Thursday, October 24, 2019
Title: When Pachamama is Left Hungry: Healing and Misfortune in the Atacama Desert
Abstract: Culture helps humans visualize the ties between their health and the environment and is closely tied to the adaptations they consequently employ. This talk explores strategies adopted by Atacameño indigenous people to attain health and protect themselves from misfortune, in the mining city of Calama in northern Chile. My interest in documenting Atacameño understandings of healing and misfortune was triggered by several fieldwork experiences (2007, 2014, 2015 & 2017) in which some of their stories were documented. Their narratives centered on the theme of events involving the death of a loved one, a serious illness such as cancer, or inability to get pregnant, to name a few, and how those women or men rarely searched initially for help from a medical doctor as their only option. Most of the narratives pointed to the Atacameño people’s attempts at protecting themselves with the help of traditional indigenous healers, locally called Yatiri. A Yatiriis a ritual specialist that knows how to use medicinal plants. She or usually he is also a visionary able to see through the reading of coca leafs.

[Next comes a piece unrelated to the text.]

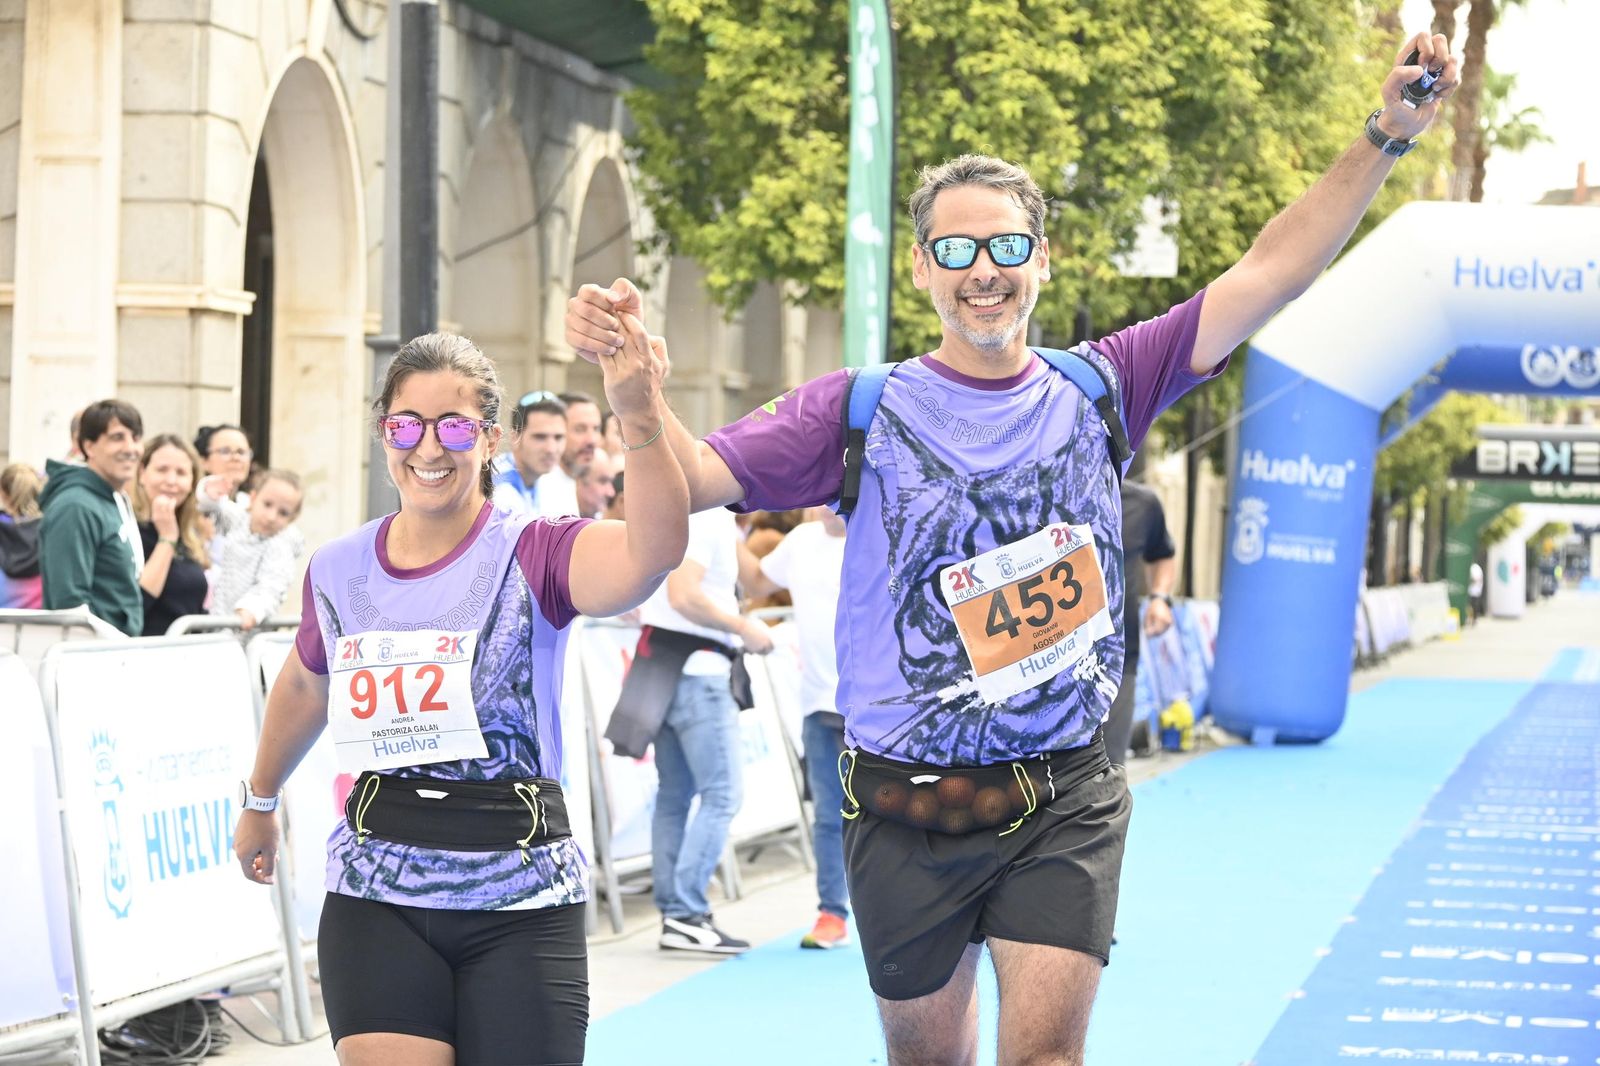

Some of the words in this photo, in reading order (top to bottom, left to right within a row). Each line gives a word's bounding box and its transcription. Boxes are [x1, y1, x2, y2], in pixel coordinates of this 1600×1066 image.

My work for a number of years has emphasized Atacameño understandings of the environment and its resources. In addressing the new question of ritual failure in this research, I imagined I might be moving in a new direction. Yet, just when I thought I was moving away from the environment as my core unit of analysis, I found myself back there again. Health and wellness among Atacameños is not attained by exercising 150 minutes per week, eating organic food, doing yoga, and meditating. Rather it’s secured by being mindfully aware of your obligation to reciprocate with nature or the earth-beings and give them due respect through regular ritual payments or pagos. So, what can these stories teach us about well-being, misfortune and the environment among Atacameño indigenous peoples? At the very minimum,Atacameños’ view of nature is a reminder that other societies do not center their attention on the dominant Western view that privileges human dominance over nature (implying an artificial human-nature divide), but on the contrary, they recognize nature’s influence on human existence, and the role of culture in the balance of nature and social relations.